▶ **Work request**
If a line holds an image, leave the image out; write out everything else in the records exactly.

[Opening Records provided section]

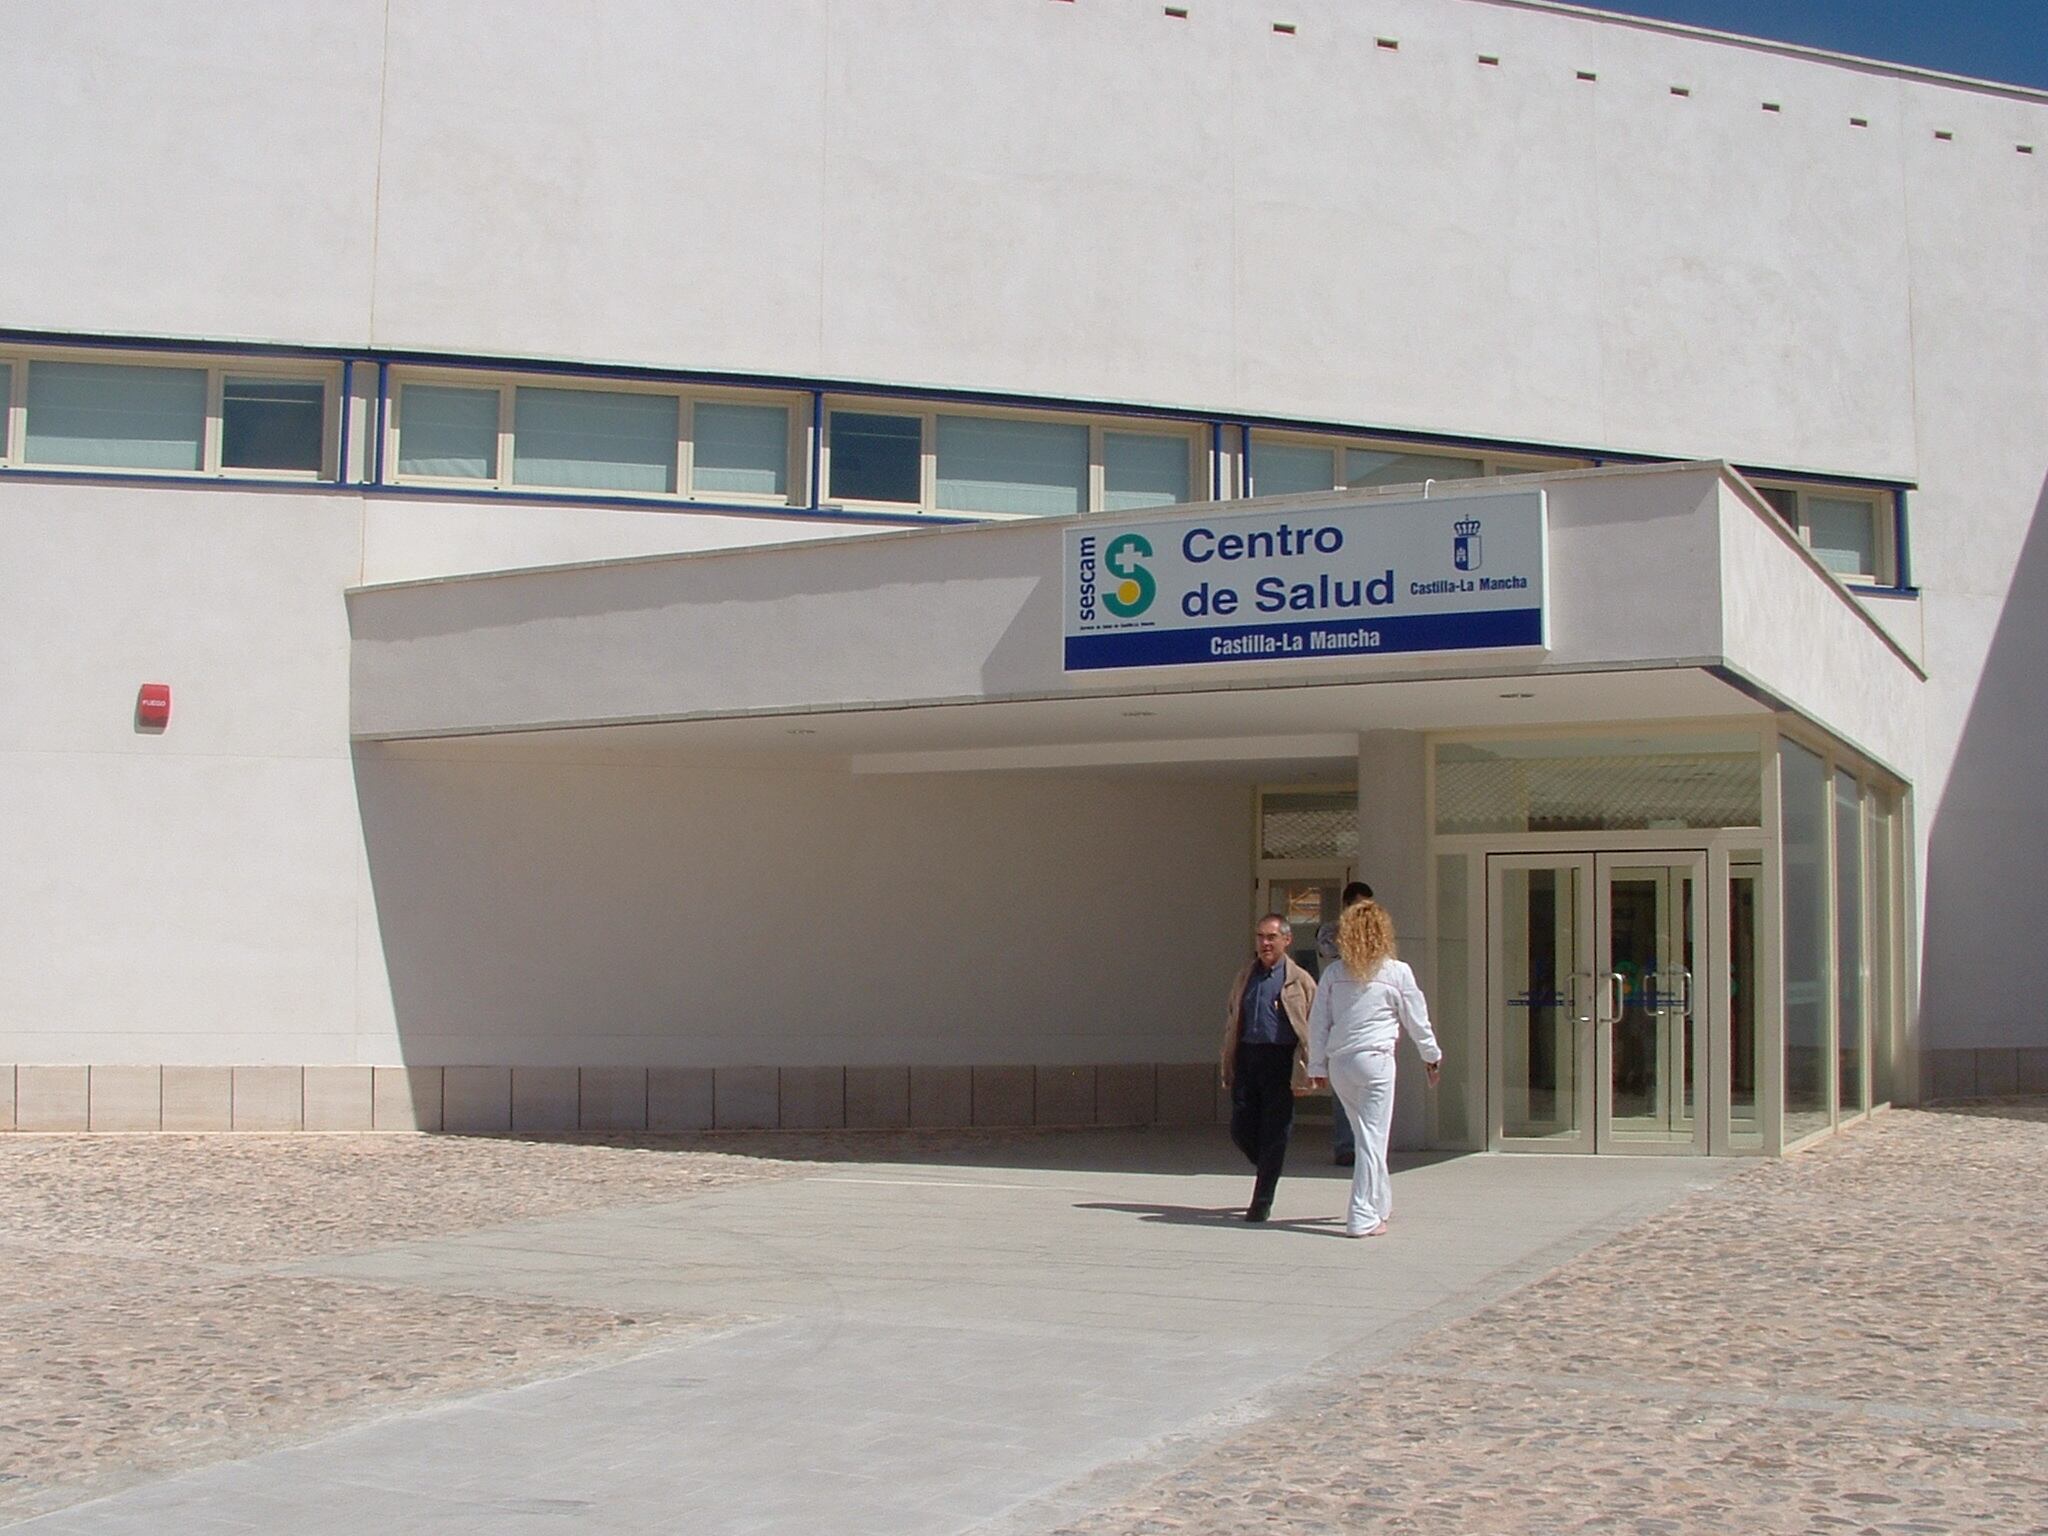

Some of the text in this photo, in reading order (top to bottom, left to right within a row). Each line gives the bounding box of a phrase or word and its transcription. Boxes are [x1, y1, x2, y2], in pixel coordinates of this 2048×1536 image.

[1182, 523, 1343, 563] Centro
[1080, 536, 1096, 621] sescam
[1181, 569, 1395, 617] de Salud
[1410, 576, 1527, 595] Castilla-La Mancha
[1211, 628, 1380, 655] Castilla-La Mancha

[Closing Records provided section]

▶ **Your solution**
Some of the text in this photo, in reading order (top to bottom, left to right within a row). Each line gives the bounding box of a phrase or word and its transcription. Boxes are [x1, y1, x2, y2], in pixel coordinates of this 2048×1536 image.

[1182, 523, 1343, 563] Centro
[1080, 536, 1096, 621] sescam
[1181, 569, 1395, 617] de Salud
[1410, 576, 1527, 595] Castilla-La Mancha
[1211, 628, 1380, 655] Castilla-La Mancha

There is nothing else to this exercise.